'Designer Children' Experiments Dehumanizing, Says Center for Bioethics and Human Dignity

5/5/2004

From: Daniel McConchie of The Center for Bioethics and Human Dignity, 847-317-4097, dmcconchie@cbhd.org

CHICAGO, May 5 -- The latest edition of the Journal of the American Medical Association is reporting a "designer children" experiment where nine couples attempted to create children genetically-matched to sick donor siblings.

In the experiments done at Chicago's Reproductive Genetics Institute, researchers created 199 embryos by in vitro fertilization and found that 45 embryos were a suitable match for a potential stem cell transplant using either umbilical cord blood or bone marrow. Of the 45, 28 were implanted and five born alive. The embryos that were not a tissue match were either discarded or subjected to research that killed them.

John Kilner, president of The Center for Bioethics and Human Dignity and recently returned from a meeting in South Korea with cloning and embryonic stem cell pioneer Dr. Shin Yong Moon, commented, "Beginning new human lives at the embryonic stage, testing them to see how useful they will be, and throwing away those who don't measure up is demeaning -- and not just to those who are sacrificed. Those who survive are demeaned as well since they are allowed to live only because they are sufficiently useful."

Daniel McConchie, director of public relations and public policy for The Center for Bioethics and Human Dignity, said, "These experiments reflect the growing cultural tendency to only value human life that offers some concrete contribution to human existence. The act of choosing some lives over others entirely because of their genetic makeup is dehumanizing."

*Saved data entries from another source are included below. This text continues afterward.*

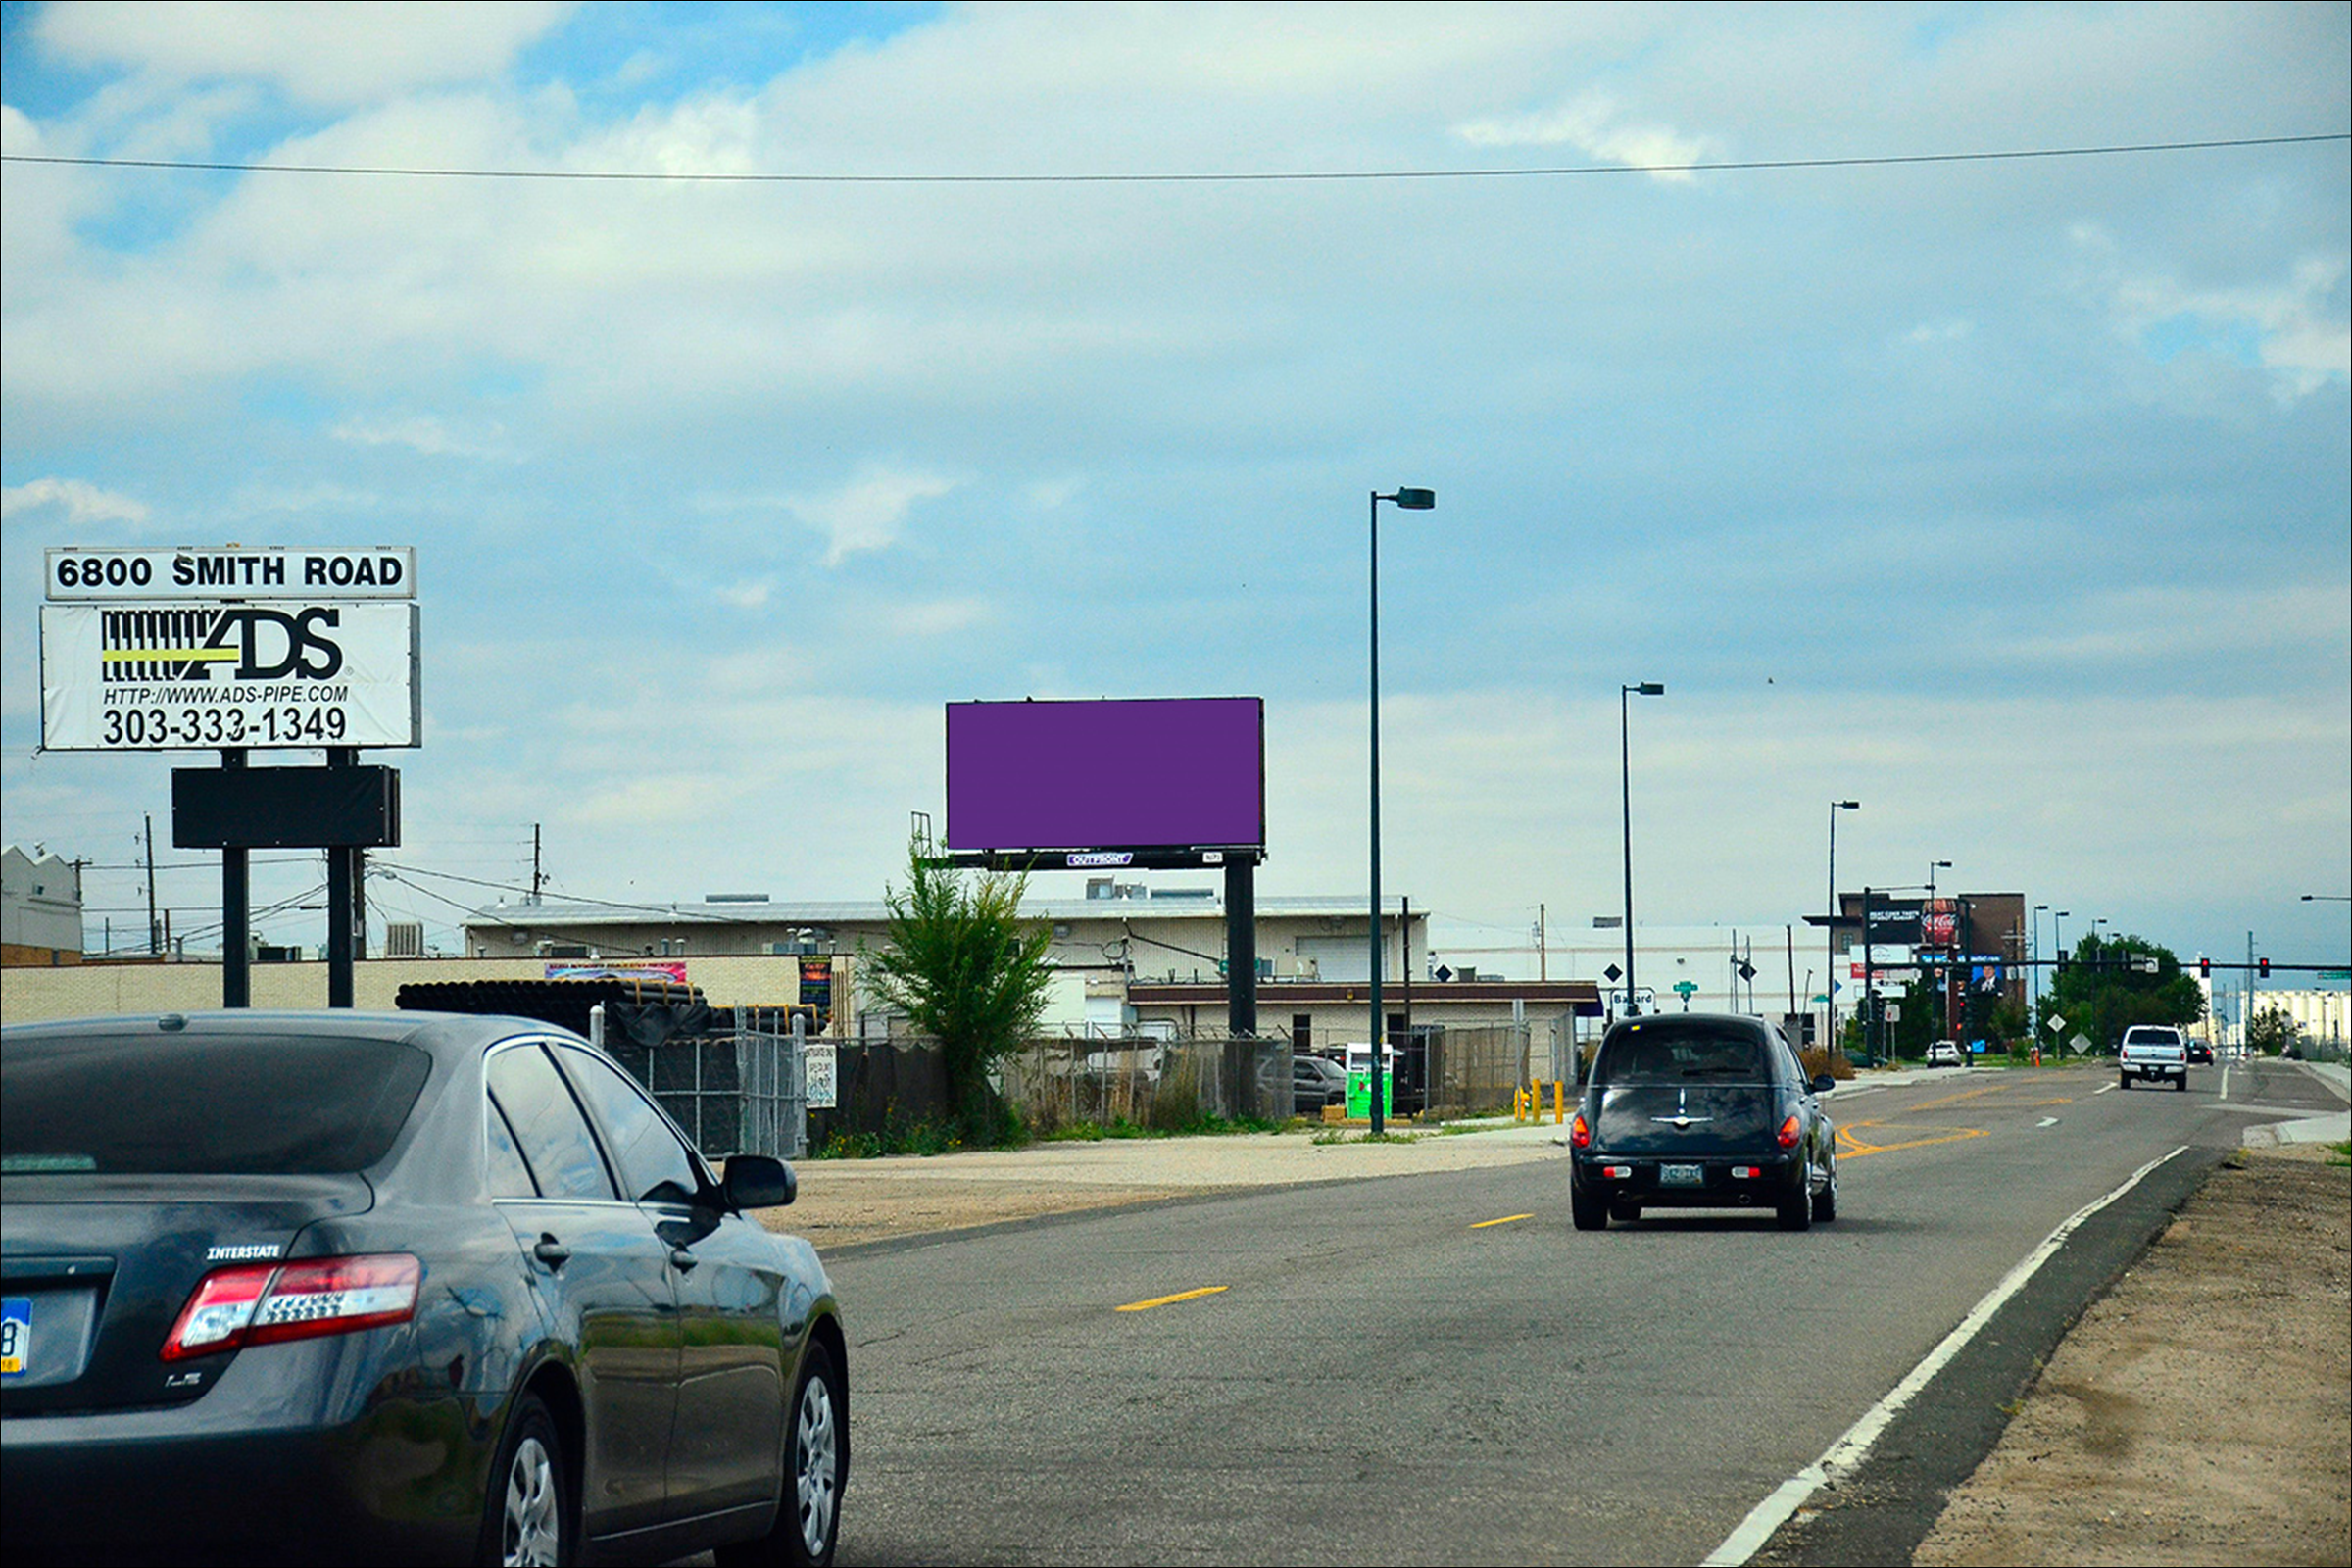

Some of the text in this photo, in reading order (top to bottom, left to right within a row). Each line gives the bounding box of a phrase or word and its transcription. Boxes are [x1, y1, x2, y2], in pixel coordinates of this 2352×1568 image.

[57, 556, 403, 587] 6800 SMITH ROAD
[181, 607, 343, 681] ADS
[103, 685, 349, 705] HTTP://WWW.ADS-PIPE.COM
[103, 707, 347, 745] 303-333-1349
[1613, 994, 1652, 1004] Baard
[206, 1245, 280, 1260] INTERSTATE
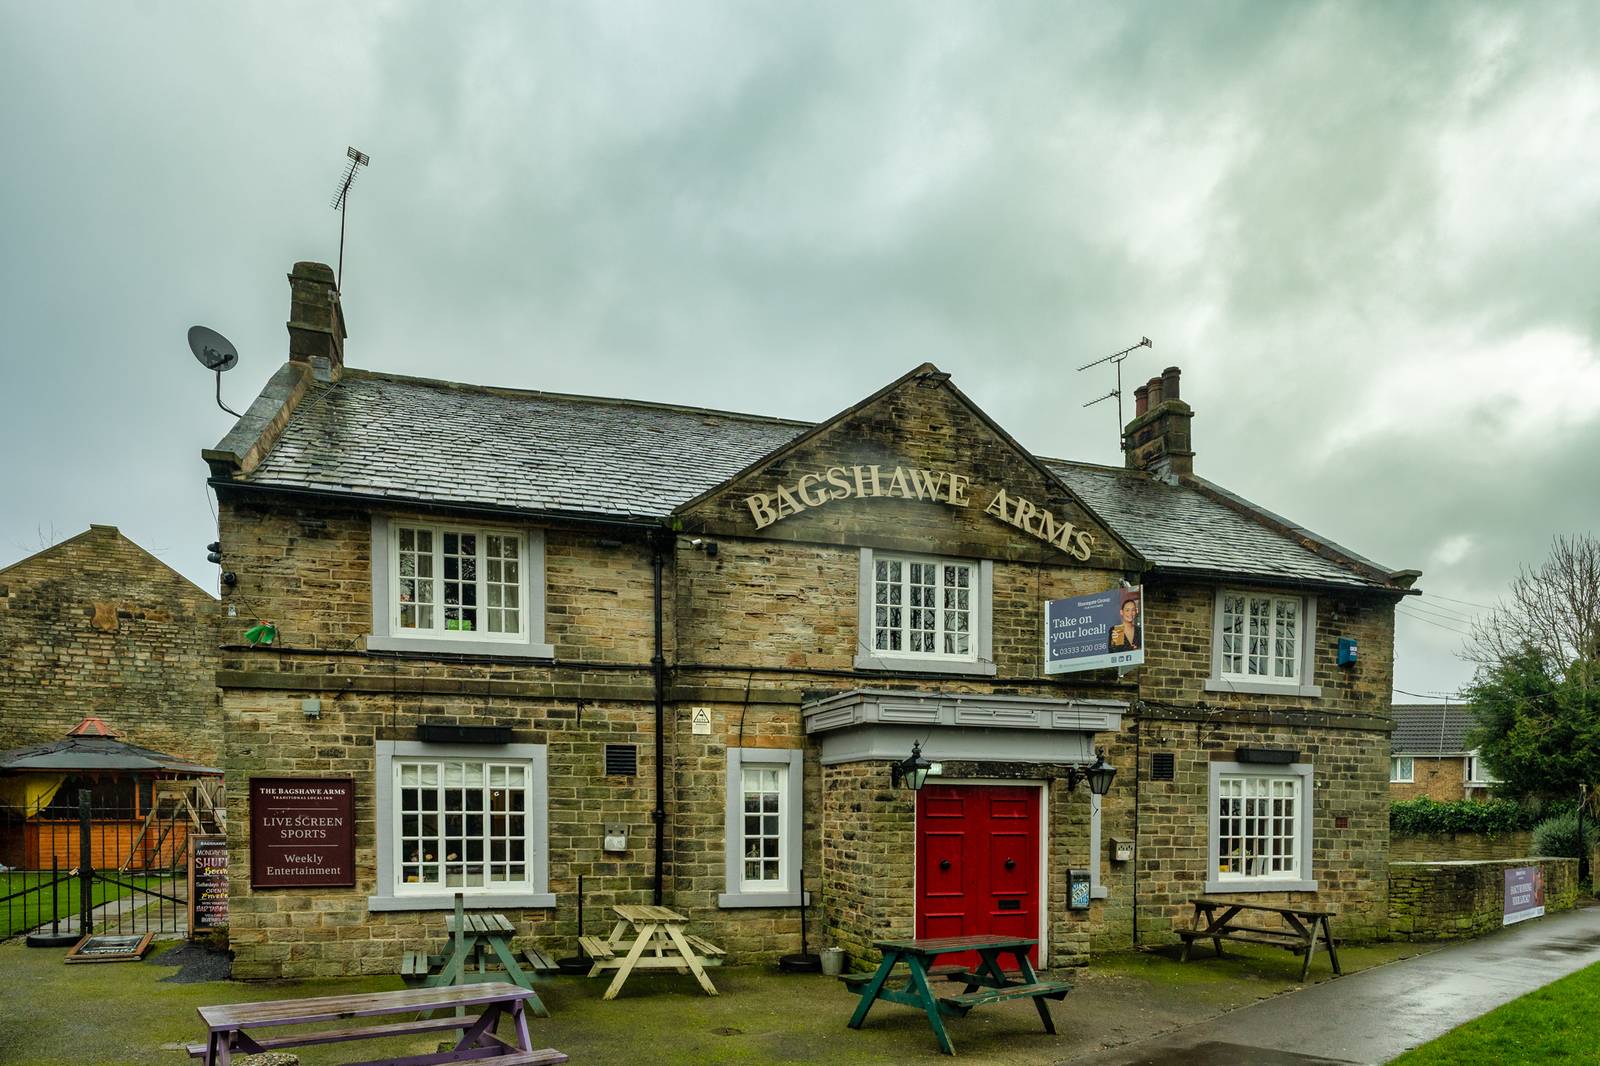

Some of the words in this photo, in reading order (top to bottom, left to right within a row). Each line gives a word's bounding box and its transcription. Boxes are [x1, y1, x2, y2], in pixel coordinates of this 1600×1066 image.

[743, 465, 970, 531] BAGSHAWE
[984, 489, 1095, 562] ARMS
[1052, 616, 1077, 629] Take
[1078, 615, 1092, 624] on
[1052, 630, 1077, 643] your
[1078, 624, 1106, 638] local!
[1060, 646, 1080, 656] 03333
[1080, 644, 1093, 653] 200
[1094, 643, 1107, 651] 036
[260, 787, 277, 795] THE
[263, 817, 293, 827] LIVE
[294, 817, 343, 827] SCREEN
[280, 829, 327, 839] SPORTS
[284, 853, 323, 865] Weekly
[266, 866, 341, 876] Entertainment

About The Center for Bioethics and Human Dignity

The Center for Bioethics and Human Dignity is a 501(c)3 non- profit think tank located in Chicago, Illinois. Its mission is to develop reasoned perspectives on all of today's bioethical issues and to disseminate them to health care professionals, academia, cultural and church leaders, public policy makers, and the media in order to protect human dignity.